Action item — Please transcribe every record below exactly, leaving out the pictures.

Material for the task —
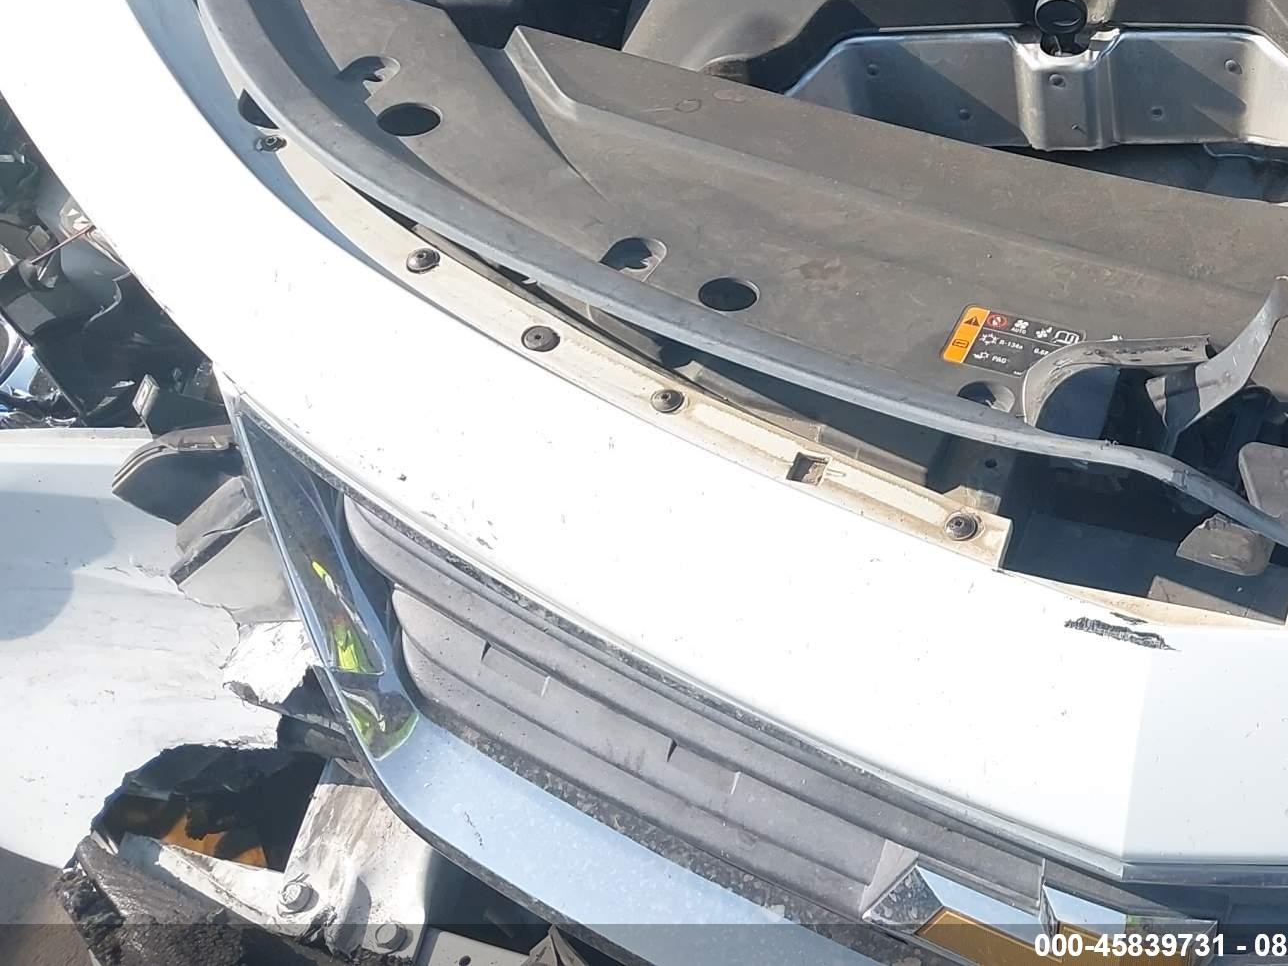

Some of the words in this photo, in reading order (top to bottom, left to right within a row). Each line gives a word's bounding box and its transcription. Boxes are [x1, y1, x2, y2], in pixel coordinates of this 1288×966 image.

[1011, 327, 1027, 335] AUTO
[998, 339, 1024, 350] R-134a
[991, 354, 1008, 364] PAG
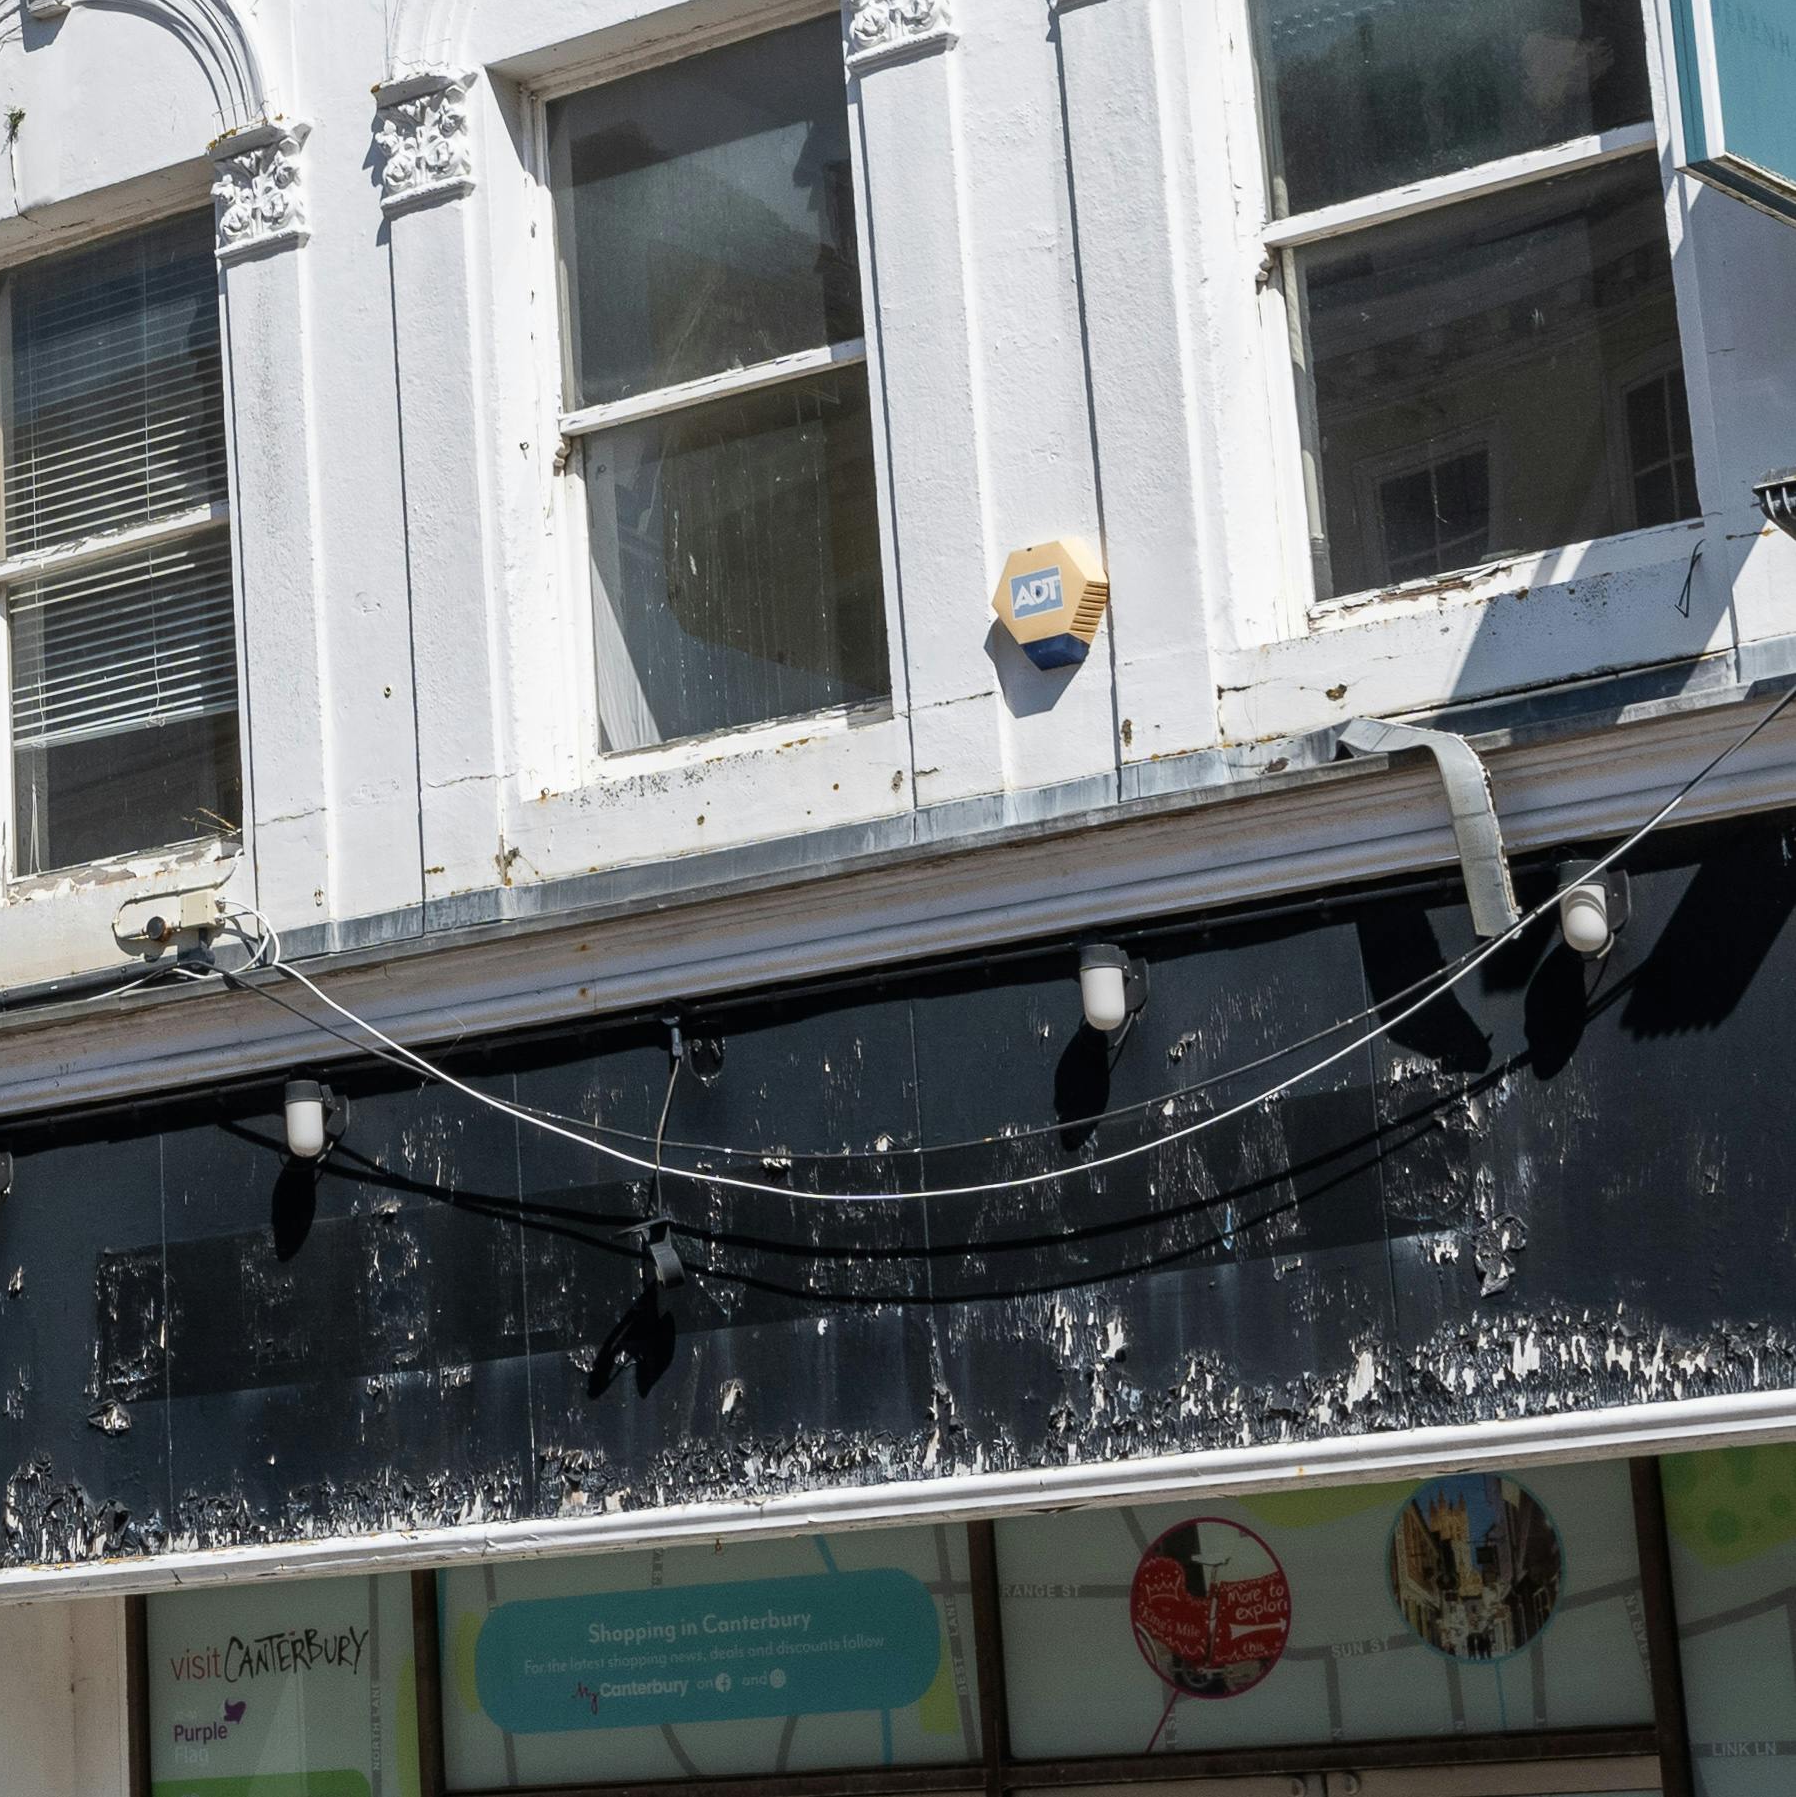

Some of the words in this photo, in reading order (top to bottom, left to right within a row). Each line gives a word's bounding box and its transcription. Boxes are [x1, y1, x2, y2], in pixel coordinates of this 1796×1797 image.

[1014, 575, 1060, 610] ADT
[1001, 1584, 1056, 1598] RANGE
[1061, 1583, 1081, 1598] ST
[1227, 1588, 1262, 1606] More
[1269, 1581, 1285, 1598] to
[588, 1623, 676, 1646] Shopping
[680, 1618, 698, 1636] in
[701, 1609, 812, 1635] Canterbury
[945, 1595, 959, 1637] LANE
[170, 1645, 222, 1681] visit
[223, 1625, 369, 1683] CANTERBURY
[524, 1658, 543, 1675] For
[548, 1657, 567, 1673] the
[570, 1655, 604, 1672] latest
[608, 1652, 667, 1671] shopping
[710, 1644, 745, 1660] deals
[748, 1641, 773, 1658] and
[775, 1638, 840, 1656] discounts
[842, 1634, 885, 1650] follow
[1331, 1639, 1364, 1657] SUN
[1369, 1636, 1390, 1653] ST
[599, 1678, 689, 1699] Canterbury
[696, 1678, 713, 1690] on
[742, 1671, 768, 1687] and
[954, 1656, 967, 1696] BEST
[173, 1721, 228, 1745] Purple
[174, 1746, 210, 1768] Flag
[1711, 1741, 1750, 1756] LINK
[1754, 1741, 1777, 1756] LN

Result for this exercise —
Some of the words in this photo, in reading order (top to bottom, left to right within a row). Each line gives a word's bounding box and its transcription. Boxes are [x1, y1, x2, y2], in pixel coordinates of this 1288×966 image.

[1011, 327, 1027, 335] AUTO
[998, 339, 1024, 350] R-134a
[991, 354, 1008, 364] PAG

Some of the words in this photo, in reading order (top to bottom, left to right within a row). Each line gives a word's bounding box and its transcription. Boxes are [x1, y1, x2, y2], in pixel coordinates of this 1796×1797 image.

[1014, 575, 1060, 610] ADT
[1001, 1584, 1056, 1598] RANGE
[1061, 1583, 1081, 1598] ST
[1227, 1588, 1262, 1606] More
[1269, 1581, 1285, 1598] to
[588, 1623, 676, 1646] Shopping
[680, 1618, 698, 1636] in
[701, 1609, 812, 1635] Canterbury
[945, 1595, 959, 1637] LANE
[170, 1645, 222, 1681] visit
[223, 1625, 369, 1683] CANTERBURY
[524, 1658, 543, 1675] For
[548, 1657, 567, 1673] the
[570, 1655, 604, 1672] latest
[608, 1652, 667, 1671] shopping
[710, 1644, 745, 1660] deals
[748, 1641, 773, 1658] and
[775, 1638, 840, 1656] discounts
[842, 1634, 885, 1650] follow
[1331, 1639, 1364, 1657] SUN
[1369, 1636, 1390, 1653] ST
[599, 1678, 689, 1699] Canterbury
[696, 1678, 713, 1690] on
[742, 1671, 768, 1687] and
[954, 1656, 967, 1696] BEST
[173, 1721, 228, 1745] Purple
[174, 1746, 210, 1768] Flag
[1711, 1741, 1750, 1756] LINK
[1754, 1741, 1777, 1756] LN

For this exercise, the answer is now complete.